Friday, February 10, 2012

What Children Can Teach Us About Play

hunter w momWhat Children Can Teach Us About Play

By Bart Sharp

As adults we often have a different perspective than children do with the world of play.  We adults use play as forms of exercise, sports, competition, self-improvement and the most popular stress relief.     In the strategy of play as stress relief we have fun and/or are entertained as a way to escape our adult world.  It also serves us in that we adjust out of the tensions that our body is locked in to soothe us, relax.  It creates excitement within us that is energizing.  We need to play.

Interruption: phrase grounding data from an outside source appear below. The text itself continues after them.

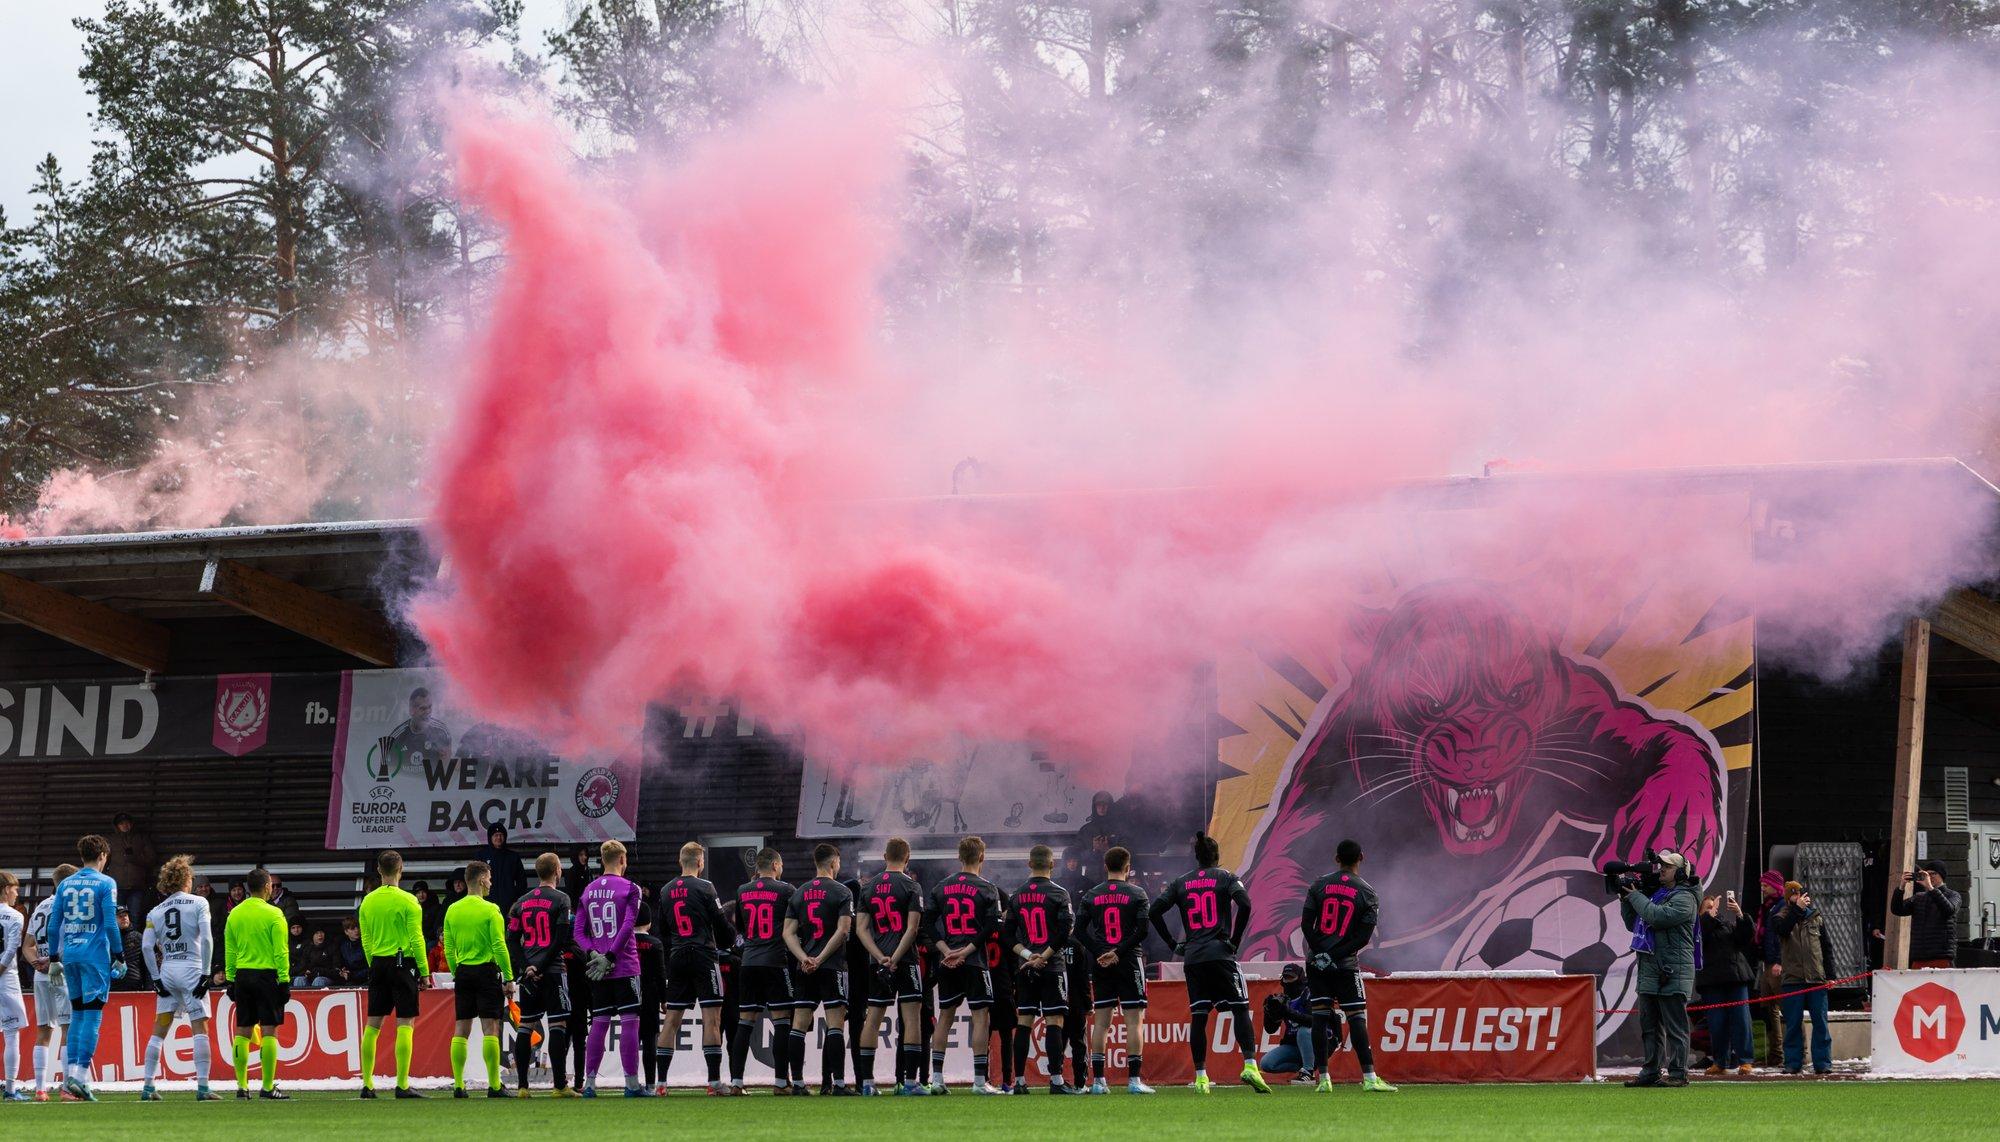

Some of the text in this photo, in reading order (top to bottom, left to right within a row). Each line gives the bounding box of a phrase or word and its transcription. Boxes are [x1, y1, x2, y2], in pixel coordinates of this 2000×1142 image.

[229, 693, 252, 723] KALJU
[369, 785, 395, 798] UEFA
[422, 756, 560, 791] WE ARE
[352, 802, 407, 815] EUROPA
[352, 815, 407, 824] CONFERENCE
[428, 798, 547, 833] BACK!
[361, 825, 394, 833] LEAGUE
[62, 887, 95, 921] 33
[588, 889, 616, 899] PAVLOV
[1186, 891, 1219, 930] 20
[165, 908, 182, 940] 9
[521, 911, 551, 948] 50
[588, 901, 618, 939] 69
[673, 900, 693, 938] 6
[743, 903, 774, 940] 78
[807, 901, 825, 940] 5
[871, 896, 903, 934] 26
[946, 897, 978, 935] 22
[1020, 906, 1049, 945] 10
[1103, 906, 1123, 945] 8
[1319, 897, 1355, 937] 87
[1091, 1023, 1191, 1043] REIUM
[1380, 1006, 1562, 1052] SELLEST!
[1912, 1005, 1946, 1039] M
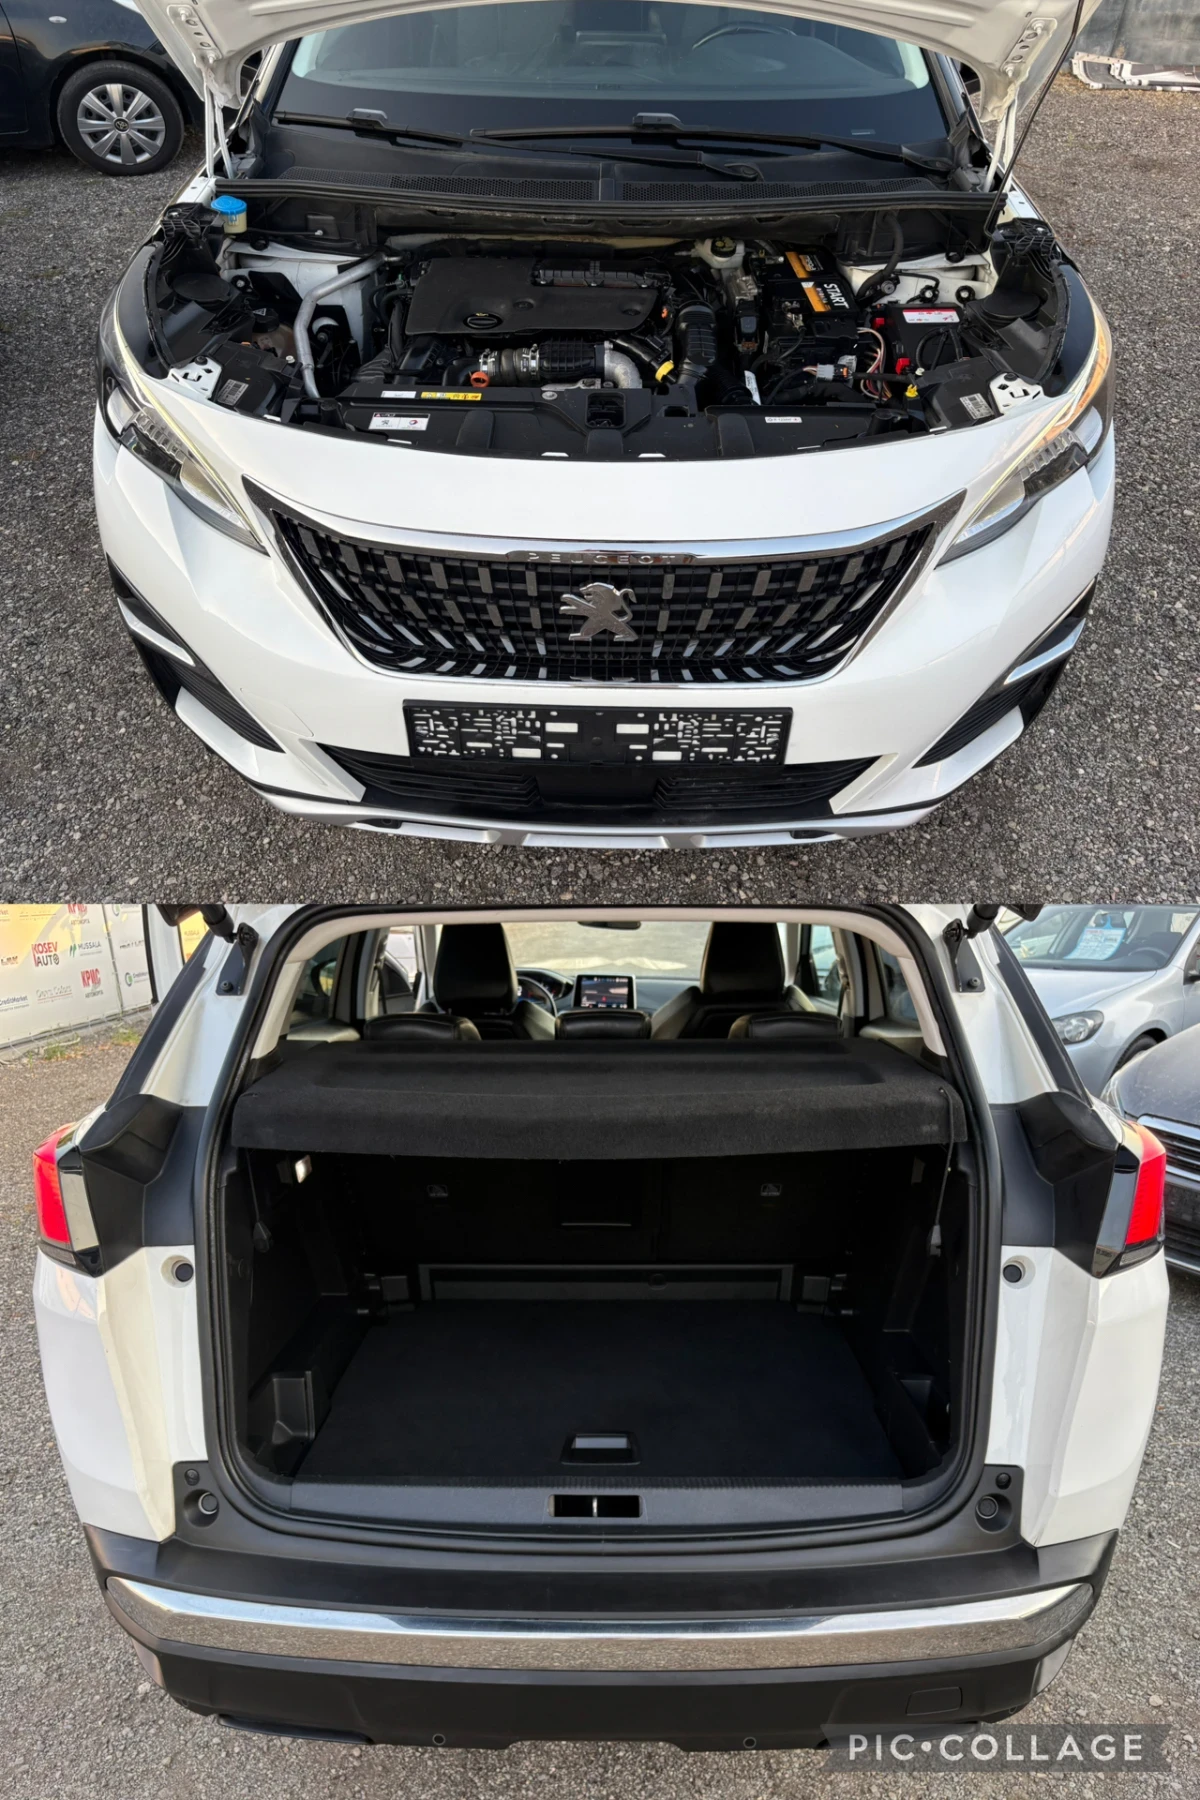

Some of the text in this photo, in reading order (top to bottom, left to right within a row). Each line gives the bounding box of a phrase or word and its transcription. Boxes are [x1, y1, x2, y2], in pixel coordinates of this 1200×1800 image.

[823, 283, 850, 309] START
[31, 941, 58, 954] KOSEV
[77, 941, 102, 950] MUSSALA
[36, 953, 60, 966] AUTO

There is much that adults can expand upon in the ways a child plays.  Children play in a more creative way.  They are open to experience playful fun in a wider variety of ways.  They relish it.  A child has a more concentric point of view towards play in that they do it in 360 degree perspective where as adults lean to a more linear perspective, “I play when I bicycle and meet-up with my friends.  When I work I only work.”

A normal child can find play in almost any situation.  They crave it and intrinsically know that it is very important.

What we can learn from children is how creativity is an integral part of play.  It is an important vehicle to explore, imagine, build and be sensual.  We forget the creative side of play by doing things like painting, photography, building a decorative garden or writing a story for pleasure.  It ignites something inside of us that turns us on to living.  When we are turned on in such ways we become more opened, curious and less predictable.

How many adults do you know that do not play well are frightfully boring?   How many adults do not seek play intrinsically but wish to be entertained?  We often misidentify that we need to seek entertainment outside of us instead of activating our creativity within and as a result our selves to find something better than entertainment, joyful satisfaction.

Sometimes it feels good to do sensual playful things, to simply rub our bare feet on the warm earth.  Walk in the rain or snow. Sensuality is an important part of play.  How many adults would relish walking barefoot in the mud and enjoy the squishy sensations between out toes.  Yet if we had that attitude would lovemaking be different.

As adults we would be more whole persons if we sought play and relaxation too not only fulfill our adult needs but the child within us as well.